Dall'Ohio all'Indiana – Laureato all' Ohio State University nel 1967, poi docente all'Università della California a Berkley, oggi Fratianni è professore emerito di "Business Economics and Public Policy" presso la Kelley School of Business dell' Indiana University. «Abito proprio a una ventina di chilometri da French Lick, dove vive Larry Bird!: sapesse quanti tifosi in pellegrinaggio, ogni giorno!», spiega divertito il professore, che insegna economia anche presso l'Università Politecnica delle Marche. E il sorriso non si spegne neppure quando gli chiediamo quali potranno essere le ricadute di questa crisi sullo sport statunitense, legato a doppio filo col mondo dell'alta finanza e dei grandi sponsor. «Ci sarà da stringere i denti, certo, ma lo sport made in Usa reggerà –dichiara convinto – e le spiego perché…».

Fuga dalla realtà – «C'è una componente psicologica in ogni periodo di crisi», chiarisce Fratianni. «Proprio nei momenti più difficili, chi può cerca una via d'evasione, un momento di spensieratezza: ecco allora che lo sport è un'esigenza fondamentale». «Dobbiamo inoltre accettare – continua il professore – che la depressione economica toccherà tutto il mondo industrializzato, con ricadute sull'economia reale: contrazione dei consumi, perdita di posti di lavoro, diminuzione dei salari. A quel punto, chi saprà organizzare al meglio grandi eventi sportivi – e gli americani in questo sono maestri – continuerà a fare comunque business con lo sport».

Corsi e ricorsi – «Non era del resto accaduta la stessa cosa - sottolinea il professore - negli anni Trenta, dopo la crisi del '29 e la Grande Depressione, che in America fu ancora più dura che in altre zone del mondo? Si faceva fatica a sbarcare il lunario, ma chi non ammirava i grandi campioni del baseball, come Lou Gherig o Babe Ruth?».

Volumi ridotti – Ma insomma, professore, non vorrà farci credere che basterà solo questa componente psicologica a mettere al riparo lo sport Usa da possibili ribaltoni? «Questa sarà l'ancora di salvezza – chiarisce Fratianni – in un mare in tempesta fatto di contratti tv rinegoziati al ribasso, minore disponibilità di spesa per il divertimento, ricerca di soluzioni economiche innovative da parte delle grandi franchigie per restare a galla (si veda, ad esempio, l'iniziativa dei New Jersey Nets e degli Indiana Pacers, team Nba che hanno iniziato a permettere ai fans il pagamento dilazionato dei biglietti per alcune serie di gare di regular season dell'Nba, ndr)». «In questo scenario, non è detto che le grandi stelle potranno continuare a intascare contratti milionari; o meglio, magari le grandi stelle sì, perché sono quelle che trascinano il mercato e fanno tendenza, ma non tutti giocatori professionisti». Ecco allora che potrebbero arrivare le riduzioni di incassi, e quindi di introiti tv, sponsorizzazioni e del salary cap per gli atleti. «Ma insomma, mi creda, penso proprio che l'industria automobilistica, ad esempio, soffrirà molto di più di quella sportiva!». E magari diminuirà anche il costo dei biglietti al botteghino, spesso molto elevato in America.

Concorrenza in casa – Anche perché, a ben guardare, il sistema professionistico americano il rivale più pericoloso ce l'ha in casa: si chiama Ncaa, ed è lo sport universitario. «Per molti americani la squadra del cuore non è quella professionistica, per cui si ha magari una forte simpatia.
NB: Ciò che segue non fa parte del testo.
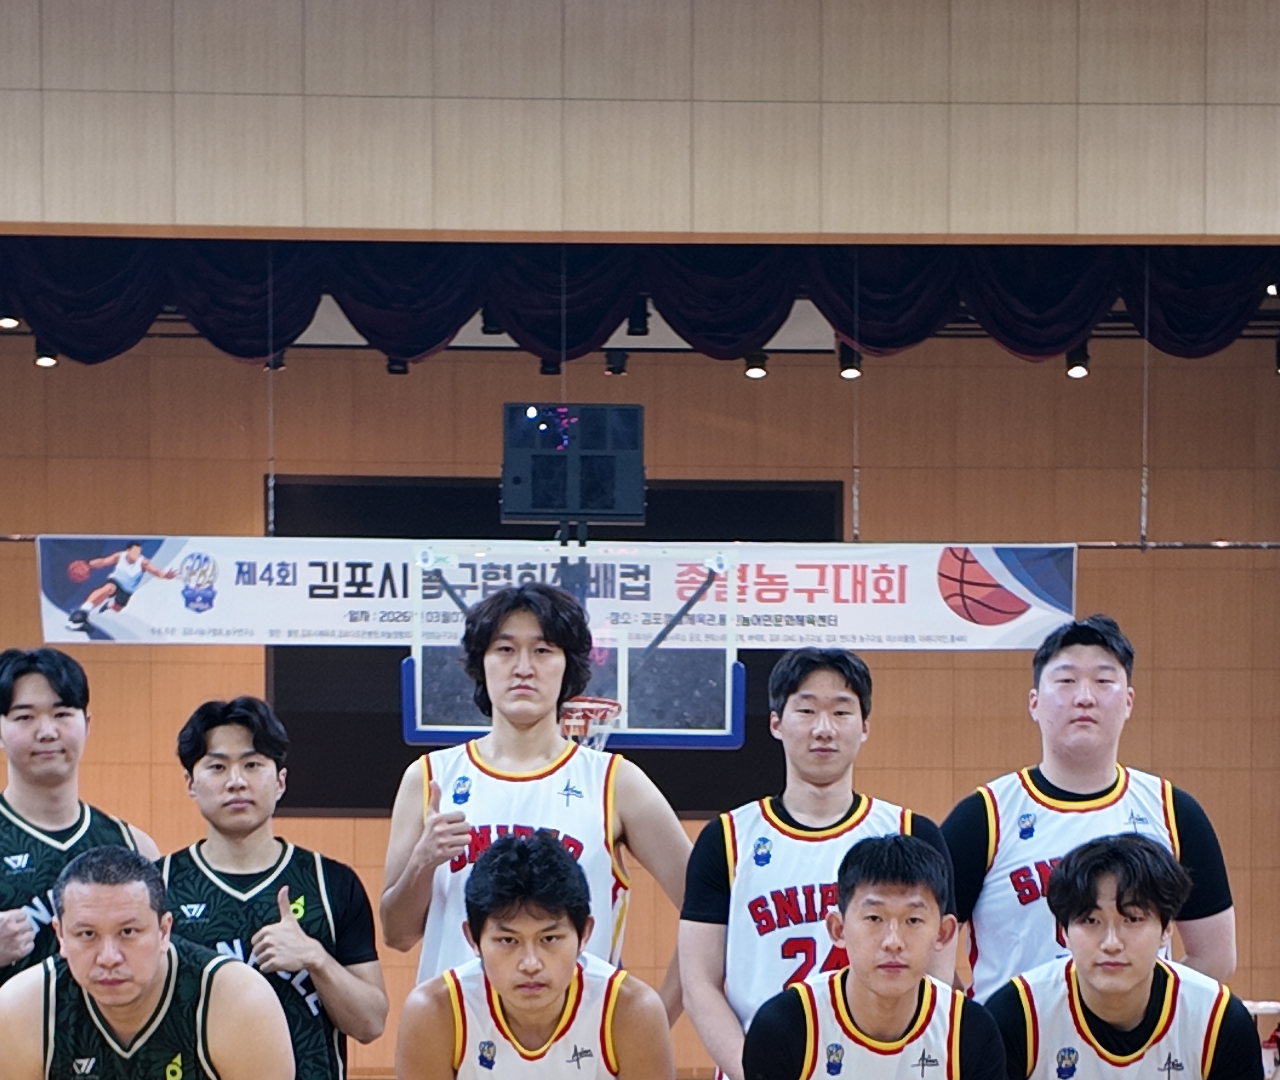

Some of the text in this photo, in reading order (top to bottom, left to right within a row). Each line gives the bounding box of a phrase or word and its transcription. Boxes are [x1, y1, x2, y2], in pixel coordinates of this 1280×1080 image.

[235, 562, 297, 586] 제4회
[308, 561, 409, 599] 김포시
[748, 883, 838, 936] SNIP
Il team per cui si fanno trasferte di 500-600 chilometri è quello dell'ateneo dove si è studiato. Quando a Indiana giocano i nostri Hoosiers del basket o anche nel calcio, arriva gente da tutto lo Stato!», dice orgoglioso Fratianni. «Nel basket abbiamo una grande squadra, allenata per decenni da un santone come Bobby Knight, con cui abbiamo vinto 3 titoli; e anche nel calcio andiamo fortissimo: qui di titoli Ncaa ne abbiamo vinti addirittura sette!».
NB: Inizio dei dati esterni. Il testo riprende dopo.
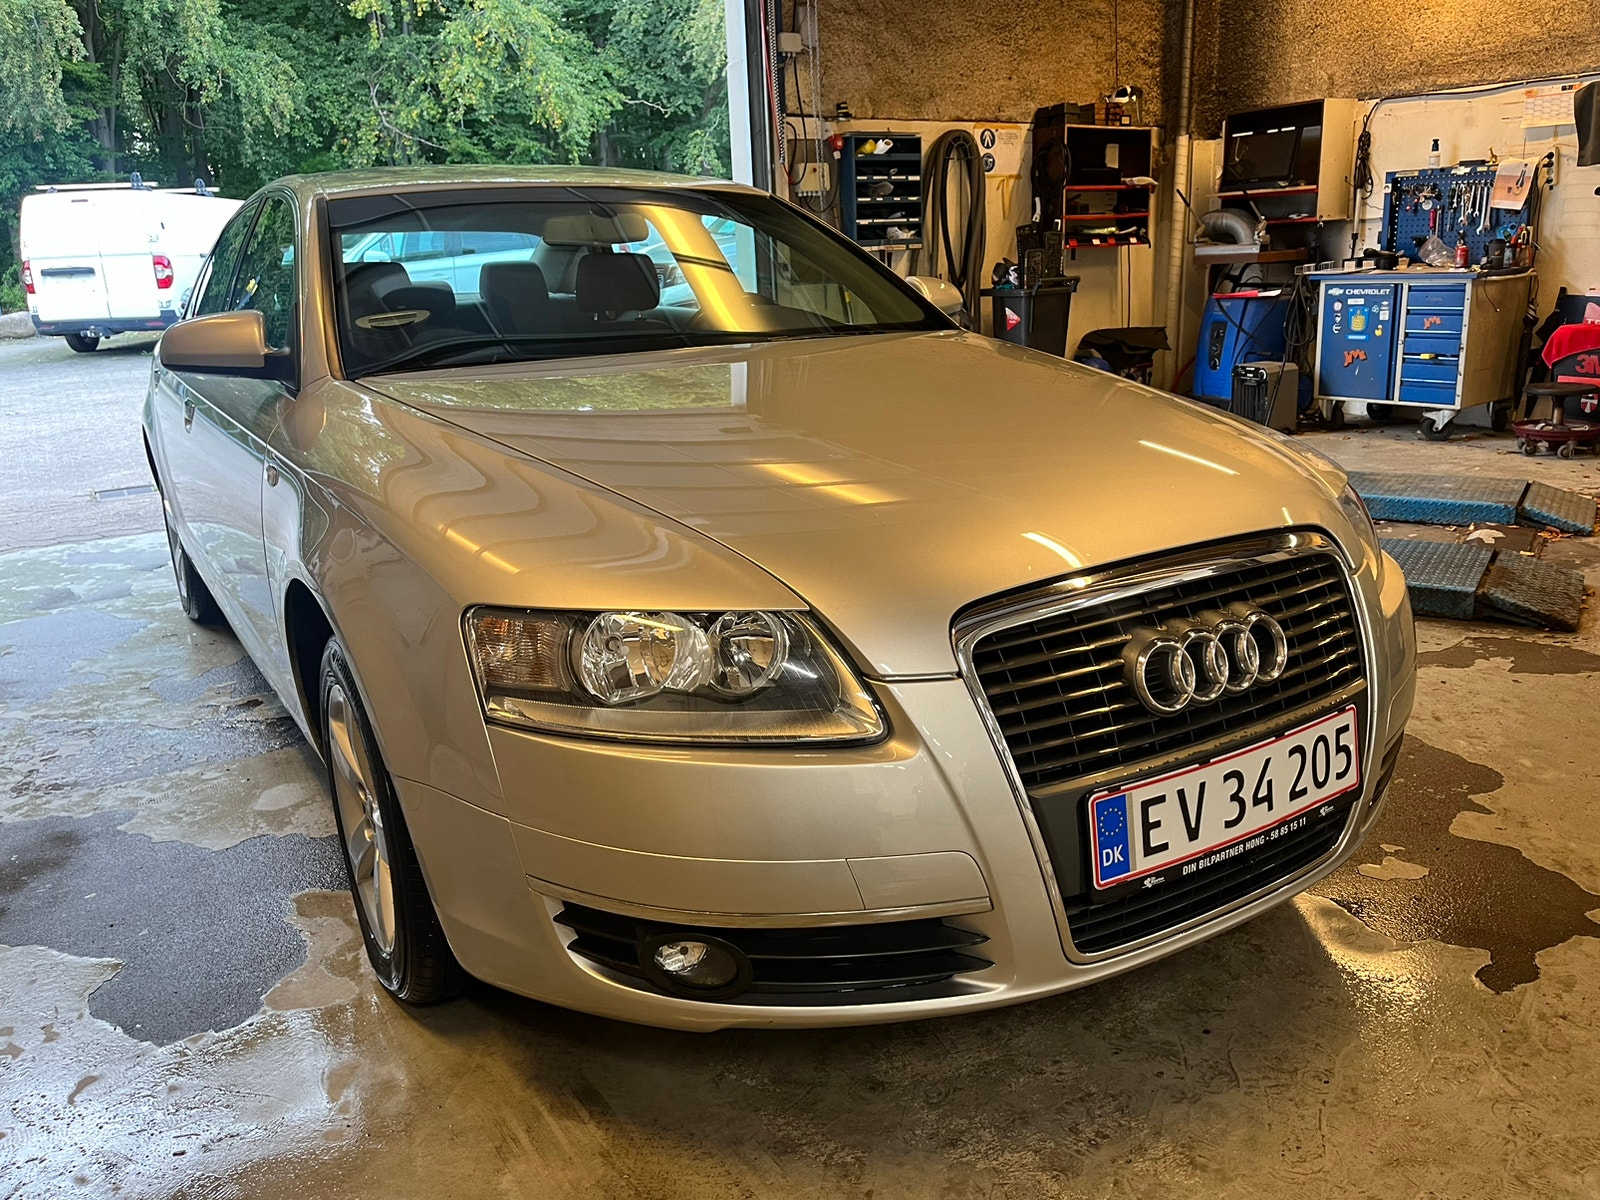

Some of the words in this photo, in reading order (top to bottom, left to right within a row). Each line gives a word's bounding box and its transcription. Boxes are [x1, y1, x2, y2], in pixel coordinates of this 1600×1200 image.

[1140, 781, 1206, 858] EV
[1222, 756, 1274, 829] 34
[1287, 723, 1352, 802] 205
[1102, 844, 1125, 867] DK
[1182, 861, 1197, 876] DIN
[1198, 844, 1244, 870] BILPARTNER
[1270, 830, 1279, 841] 58
[1290, 820, 1298, 831] 15
[1299, 816, 1307, 828] 11
Passione a basso costo – E il pubblico che ne dice? «Il nostro palazzo dello sport, che ha circa 17mila posti, è sempre esaurito, è i biglietti costano poco, con agevolazioni per gli studenti». Insomma, se crollano Nfl, Nba e le leghe del baseball e dell'hockey, tutti a guardare i campionati universitari? «È una possibilità – conclude il professor Fratianni – ma più probabile che, di fronte a una crisi, ci possa essere una selezione naturale degli sport: i più forti sopravvivono, pur con minori risorse; gli altri vengono almeno temporaneamente abbandonati dal grande pubblico». Insomma, pur con l'occhio al portafoglio, nessuno potrà mai smettere di sperare in un touch-down o sognare un fuoricampo.